What the task requires: Below this task are records; return each one exactly and omit its images.

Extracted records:
* * *

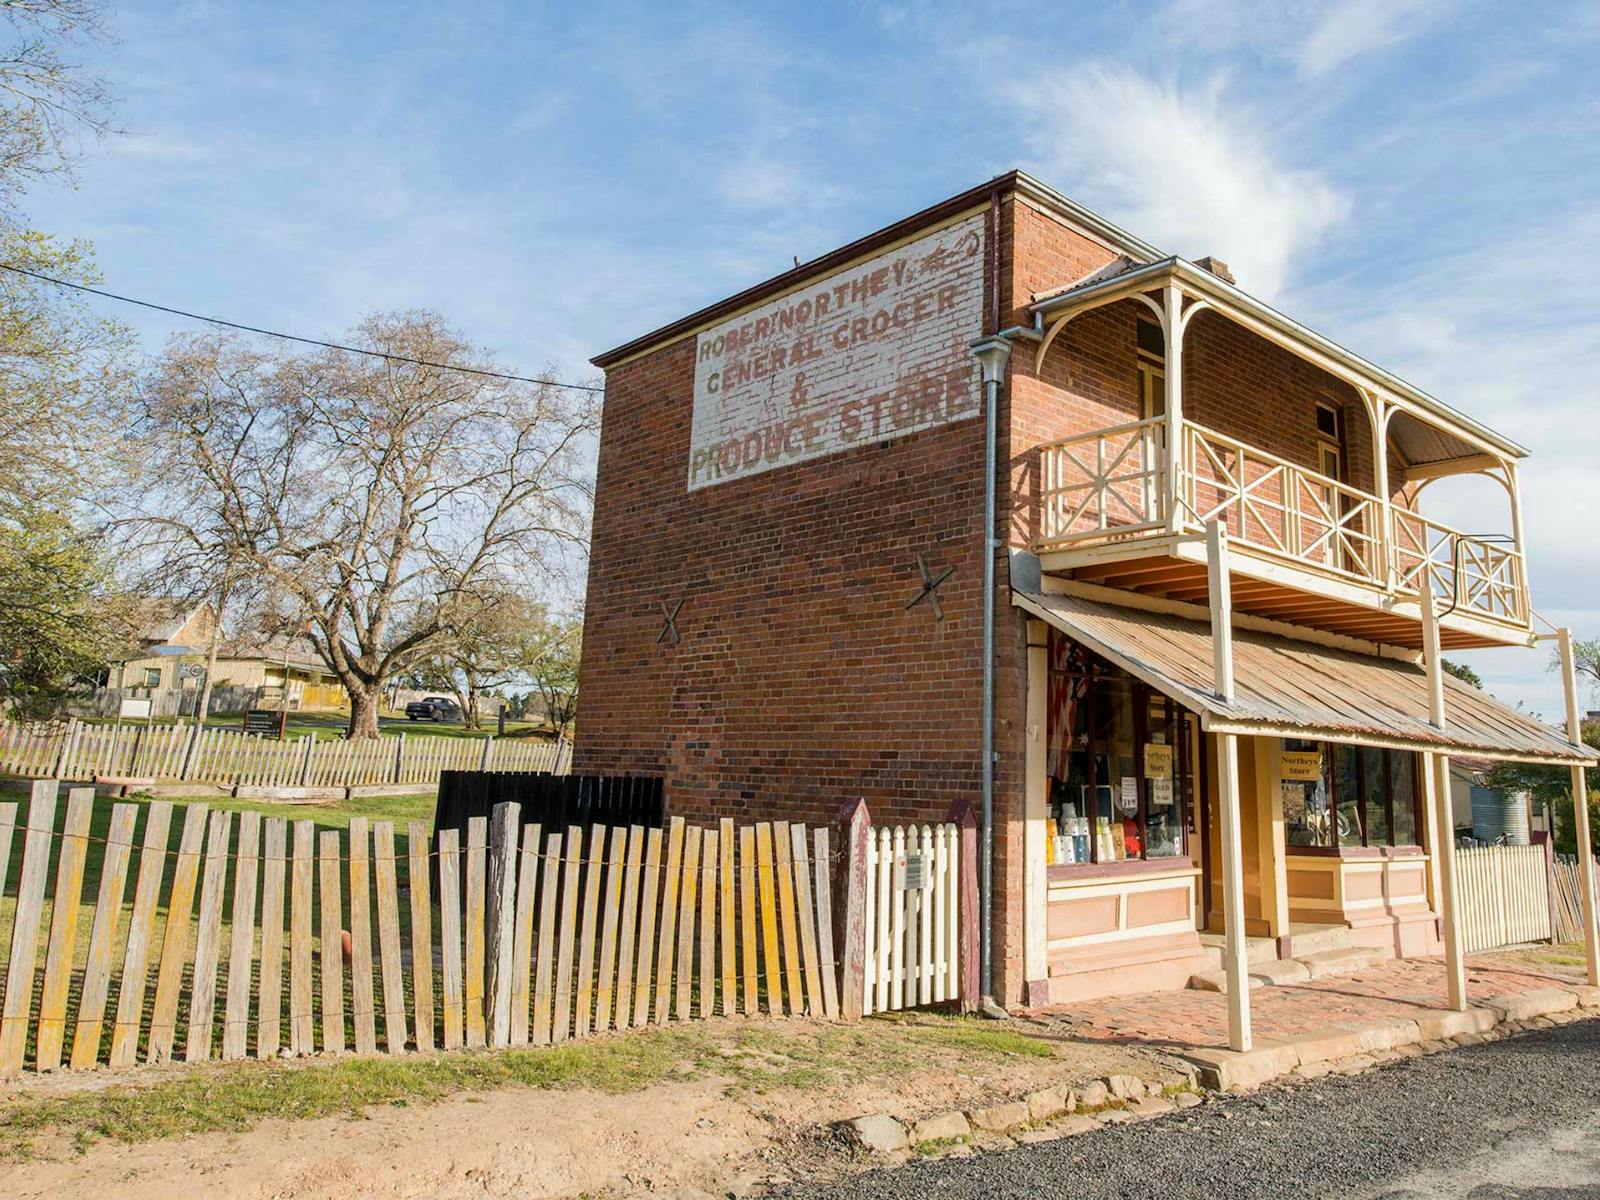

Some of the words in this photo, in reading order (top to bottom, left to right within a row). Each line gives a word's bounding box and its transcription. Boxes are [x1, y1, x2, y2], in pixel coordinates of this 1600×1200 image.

[707, 336, 823, 394] GENERAL
[832, 284, 956, 350] GROCER
[790, 371, 812, 408] &
[690, 411, 831, 482] PRODUCE
[839, 366, 975, 443] STORE

* * *

Solution to the exercise:
Some of the words in this photo, in reading order (top to bottom, left to right within a row). Each line gives a word's bounding box and its transcription. Boxes are [x1, y1, x2, y2], in pixel coordinates of this 1600×1200 image.

[707, 336, 823, 394] GENERAL
[832, 284, 956, 350] GROCER
[790, 371, 812, 408] &
[690, 411, 831, 482] PRODUCE
[839, 366, 975, 443] STORE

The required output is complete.